What is required: Where a record contains a picture, omit the picture and repeat the rest exactly.

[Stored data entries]
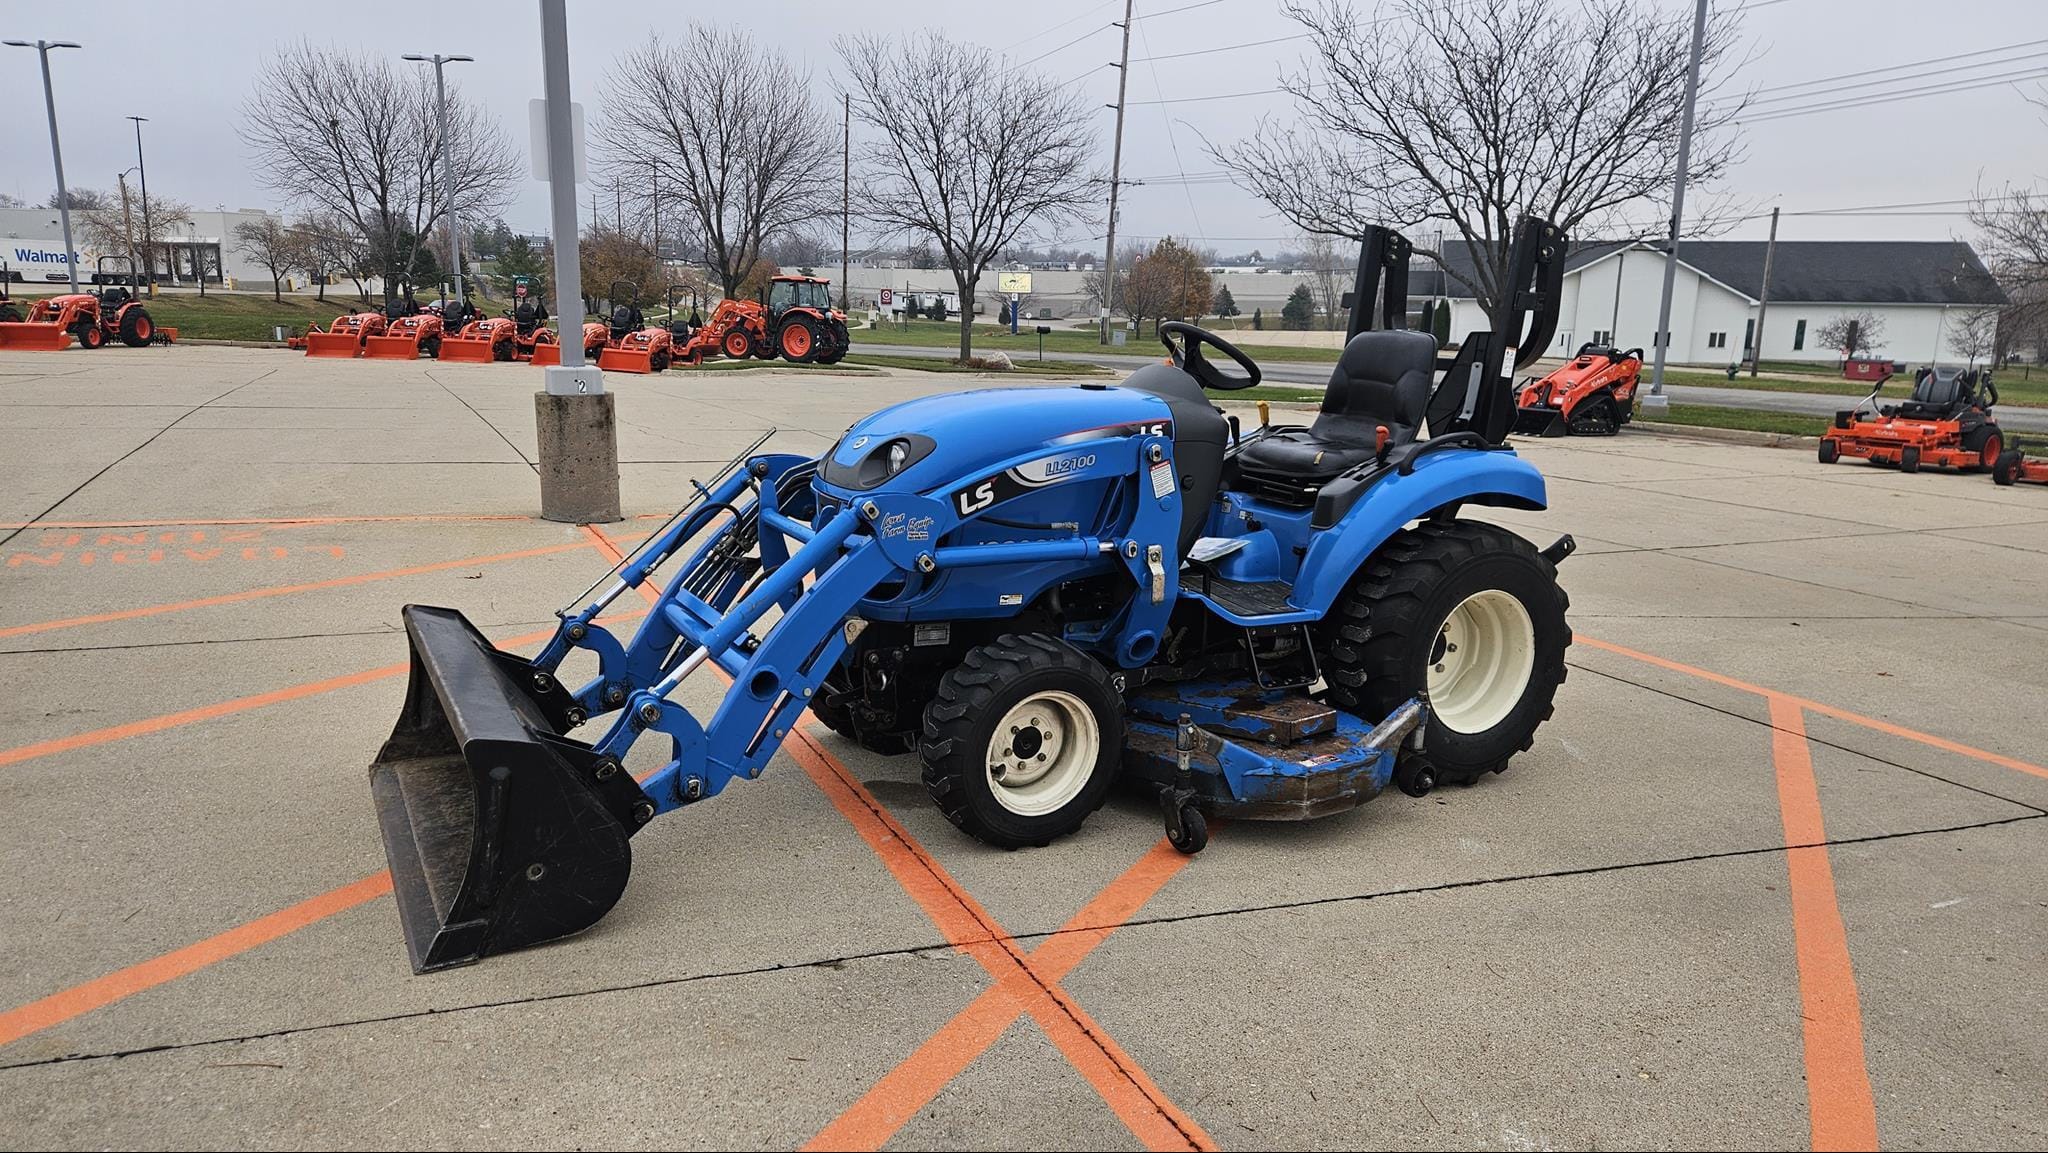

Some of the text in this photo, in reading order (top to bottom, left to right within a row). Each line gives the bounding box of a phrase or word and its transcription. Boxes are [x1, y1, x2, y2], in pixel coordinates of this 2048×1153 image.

[14, 248, 80, 265] Walmat
[579, 380, 586, 394] 2
[1045, 454, 1096, 476] LL2100
[960, 482, 994, 515] LS
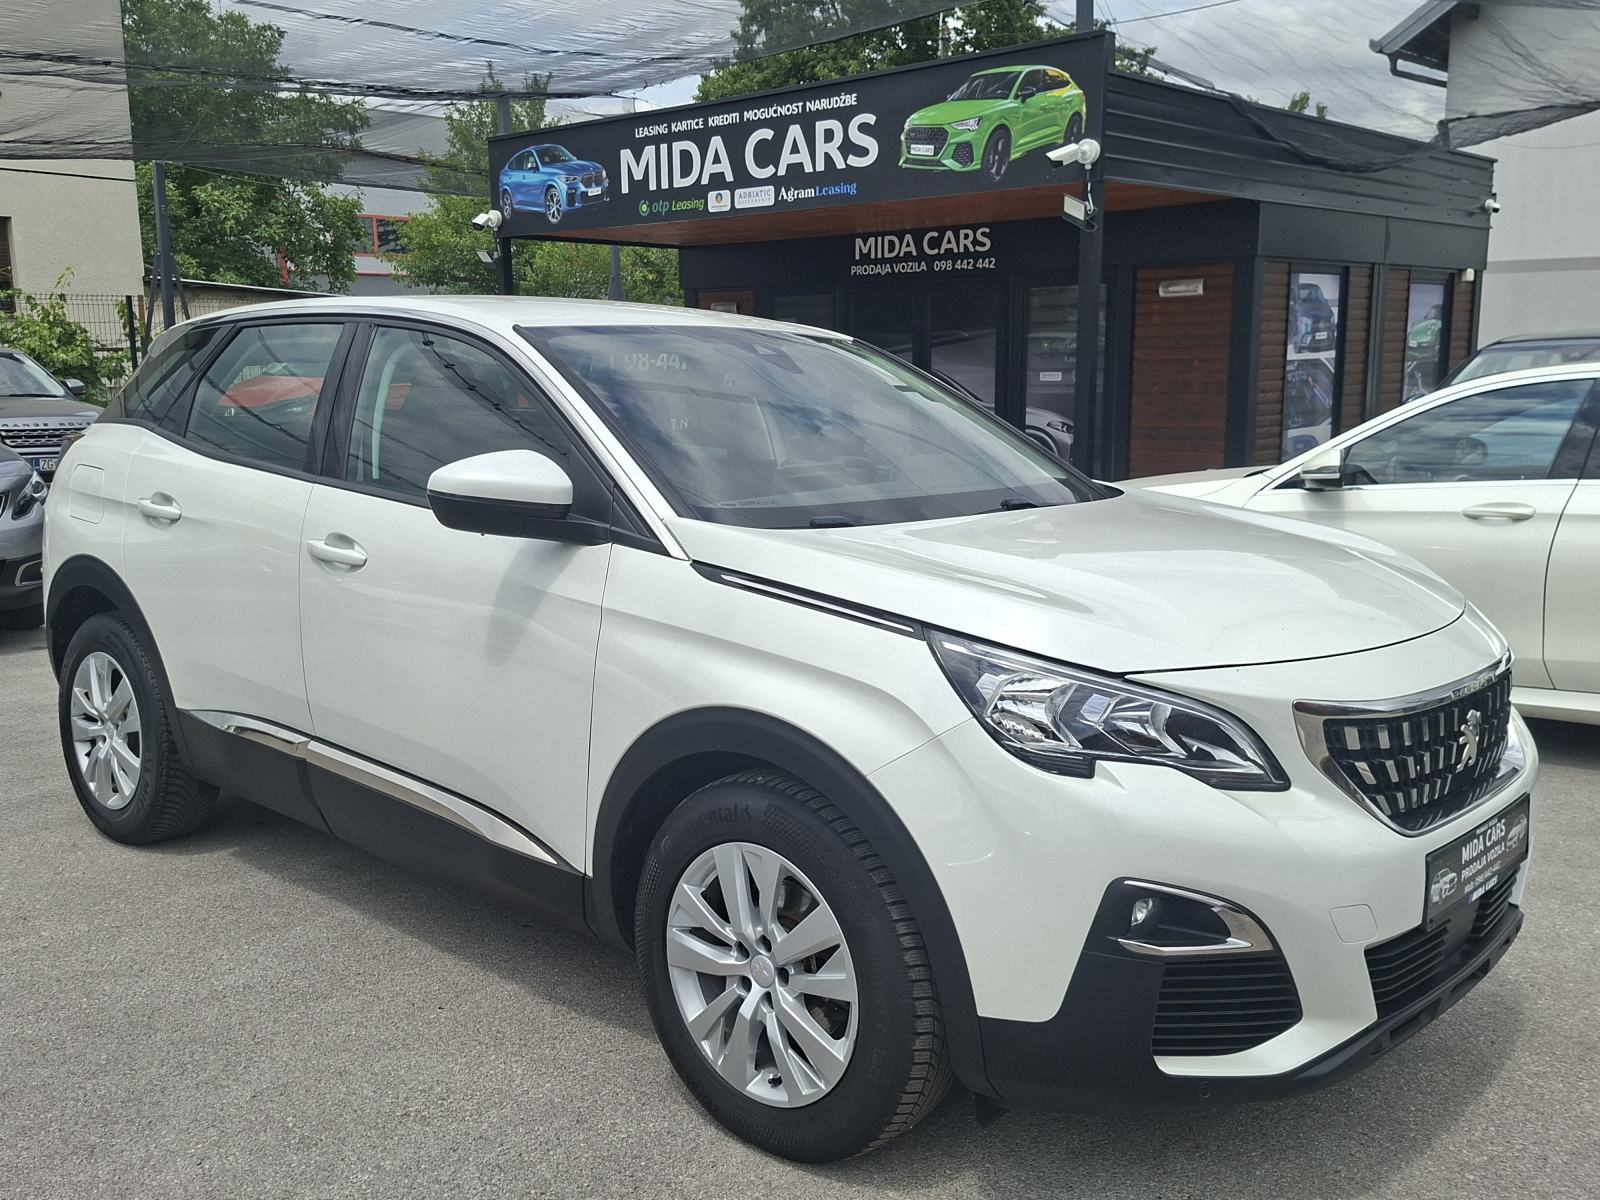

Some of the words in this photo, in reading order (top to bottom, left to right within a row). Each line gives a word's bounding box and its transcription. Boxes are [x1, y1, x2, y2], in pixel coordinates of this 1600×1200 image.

Completed task:
Some of the text in this photo, in reading order (top to bottom, left to right within a row). Each line gives the bounding box of a phrase or word and its transcription. Boxes are [x1, y1, x2, y2], in pixel coordinates of this 2048×1153 image.

[14, 248, 80, 265] Walmat
[579, 380, 586, 394] 2
[1045, 454, 1096, 476] LL2100
[960, 482, 994, 515] LS

Some of the words in this photo, in reading order (top to bottom, left to right within a row). Each line gives a word's bounding box and its transcription. Boxes are [x1, y1, x2, y2], in pixel coordinates of this 1600×1200 image.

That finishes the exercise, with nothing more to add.